Proof. We need to show that $C$ is complete and totally bounded
1) Completeness. Since $C$ is a subset of complete space $\ell_p$, it is enough to show that $C$ is closed. Consider continuous linear functionals $f_n:\ell_p\to\mathbb{R}:x\mapsto x_n$. Since $|f_n(x)|=|x_n|\leq\Vert x\Vert_p$ for all $x\in\ell_p$, then $f_n$ is continuous and obviously linear. Hence $f_n^{-1}([-a_n,a_n])$ is a closed set as preimage of closed set. Note that $$ C=\bigcap\limits_{n\in\mathbb{N}}f_n^{-1}([-a_n,a_n]) $$ so $C$ is closed as intersection of closed sets.
2) Total boundedness. From the formula of the norm in $\ell_p$ it follows that for all $x\in C$ we have $\Vert x\Vert_p\leq\Vert a\Vert_p$, so $C$ is bounded.
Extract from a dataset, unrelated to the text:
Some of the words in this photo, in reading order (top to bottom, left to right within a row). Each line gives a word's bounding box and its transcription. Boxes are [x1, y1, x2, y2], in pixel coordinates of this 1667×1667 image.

By the same reasonong for all $x\in C$ we have $$ \Vert (0,0,\ldots,0,x_N,x_{N+1},\ldots) \Vert_p\leq \Vert (0,0,\ldots,0,a_N,a_{N+1},\ldots) \Vert_p $$ Hence $$ \lim\limits_{N\to\infty}\sup\left\{\Vert (0,0,\ldots,0,x_N,x_{N+1},\ldots) \Vert_p:x\in C\right\}\leq \lim\limits_{N\to\infty}\Vert (0,0,\ldots,0,a_N,a_{N+1},\ldots) \Vert_p=0 $$ Since $a\in\ell_p\cap c_0$ then the last limit is $0$, so $$ \lim\limits_{N\to\infty}\sup\left\{\Vert (0,0,\ldots,0,x_N,x_{N+1},\ldots) \Vert_p:x\in C\right\}=0 $$ Thus from previous theorem we see that $C$ is totally bounded.
Show that $C$ is complete and totally bounded.
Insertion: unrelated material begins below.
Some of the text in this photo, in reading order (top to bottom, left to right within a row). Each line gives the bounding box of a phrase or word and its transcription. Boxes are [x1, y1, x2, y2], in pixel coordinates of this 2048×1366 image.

Completeness is straightforward, suppose $x_n \in C$ is Cauchy. Then each component is also Cauchy since $|[x_n]_k - [x_m]_k | \leq \|x_n -x_m\|$, hence each component converges to some $\alpha_k$. Furthermore, it is clear that $|\alpha_k| \leq a_n$, so define $\hat{x}$ by $[\hat{x}]_n = \alpha_n$. Clearly, $\hat{x} \in C$, and we just need to show that $x_n \to \hat{x}$. Let $\epsilon > 0$, and choose $N'$ such that $\sum_{k>N'} a_k^2 < \frac{\epsilon}{2}$. Furthermore, we can choose $N>N'$ such that if $n>N$, then $|[x_n]_k - [\hat{x}]_k|^2< \frac{\epsilon}{2N'}$, for all $k \leq N'$. Then, if $n>N$, we have $\|x_n-\hat{x}\|^2 < \sum_{k\leq N'} |[x_n]_k - [\hat{x}]_k|^2 + \frac{\epsilon}{2} \leq \epsilon$. Hence $x_n \to \hat{x}$.
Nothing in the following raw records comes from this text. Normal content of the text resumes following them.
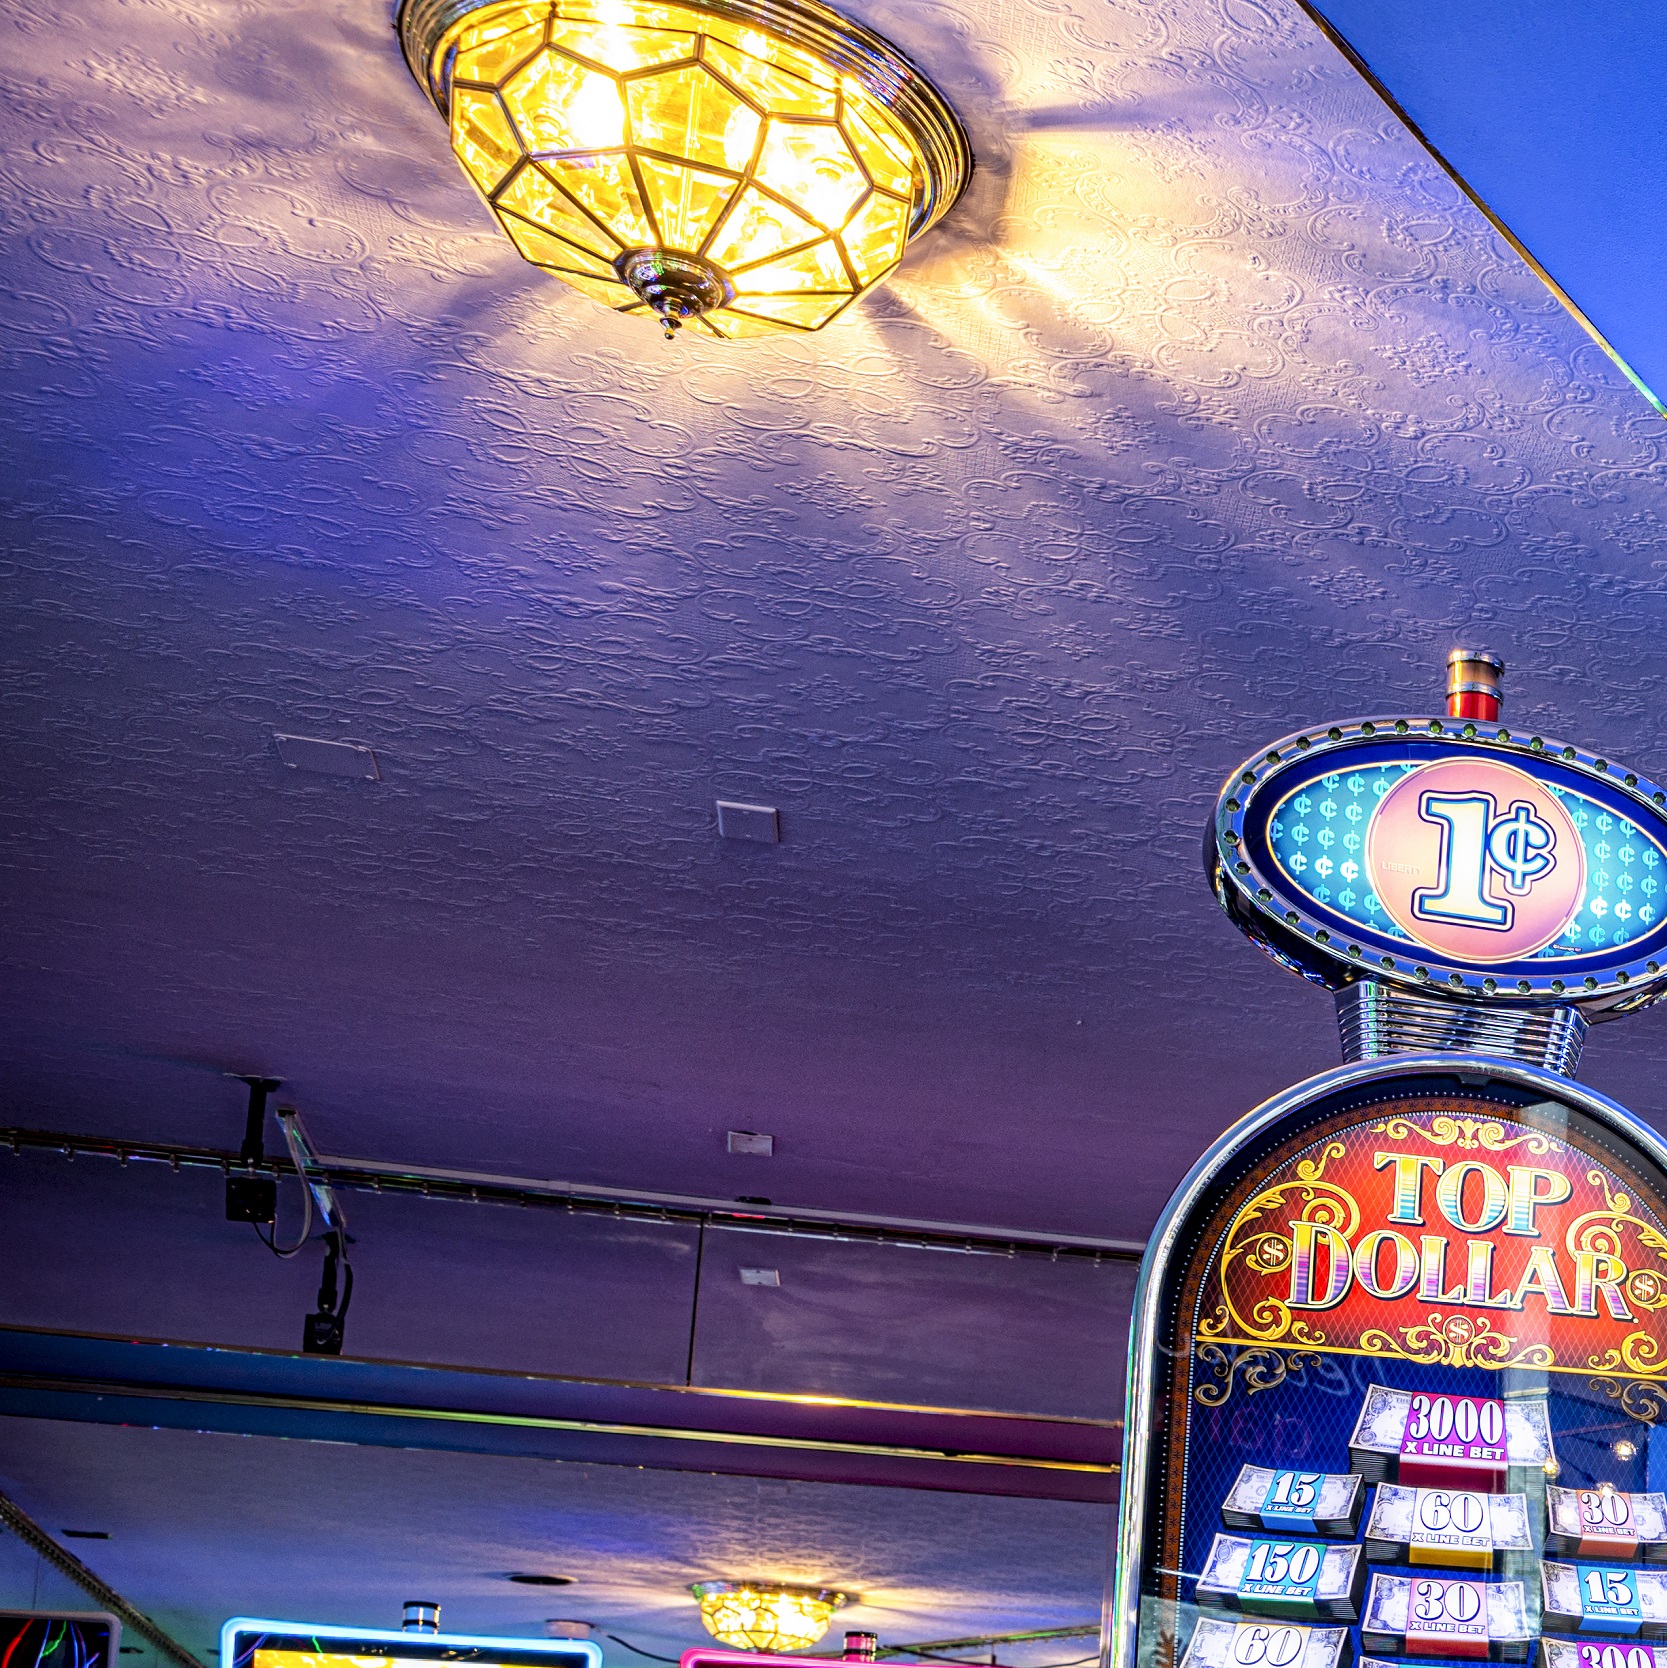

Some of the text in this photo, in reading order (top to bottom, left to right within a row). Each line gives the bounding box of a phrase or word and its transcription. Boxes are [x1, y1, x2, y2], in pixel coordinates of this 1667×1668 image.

[1381, 861, 1423, 876] LIBERTY
[1412, 789, 1557, 931] 1¢
[1373, 1151, 1572, 1236] TOP
[1408, 1394, 1504, 1445] 3000
[1404, 1441, 1504, 1461] X LINE BET
[1270, 1472, 1321, 1506] 15
[1420, 1491, 1484, 1532] 60
[1246, 1542, 1320, 1584] 150
[1241, 1584, 1312, 1596] X LINE BET
[1414, 1580, 1481, 1622] 30
To show total boundedness, we need to find a finite $\epsilon$-net for all $\epsilon>0$. Choose $N'$ such that $\sum_{k>N'} a_k^2 < \frac{\epsilon^2}{2}$. It is clear that since $A=[-a_1,a_1]\times \cdots \times [-a_{N'},a_{N'}]$ is compact (as a subset of $\mathbb{R}^{N'}$), we can find an $\frac{\epsilon^2}{2}$-net for $A$. Let $E \subset A$ be a $\frac{\epsilon^2}{2}$-net for $A$, then define the set (with slight abuse of notation) $E' = E \times \{0\} \times \{0\} \times \cdots$. The set $E' \subset C$ is finite, and is an $\epsilon$-net for $C$. To see this, choose $x \in C$. Then let $\tilde{x} \in \mathbb{R}^{N'}$ be the first $N'$ components of $x$. Then there exists $\tilde{y} \in E$ such that $\|\tilde{y}-\tilde{x} \| < \frac{\epsilon^2}{2}$. Let $y \in E'$ be the element (again abusing notation slightly) $\tilde{y} \times 0 \times 0 \times \cdots$. Then we have the estimate $\|y-x\|^2 = \sum_{k\leq N'} |[\tilde{y}]_k-[x]_k|^2 + \sum_{k\leq N'} |[x]_k|^2 \leq \frac{\epsilon^2}{2}+ \sum_{k\leq N'} a_n^2 \leq \epsilon^2$.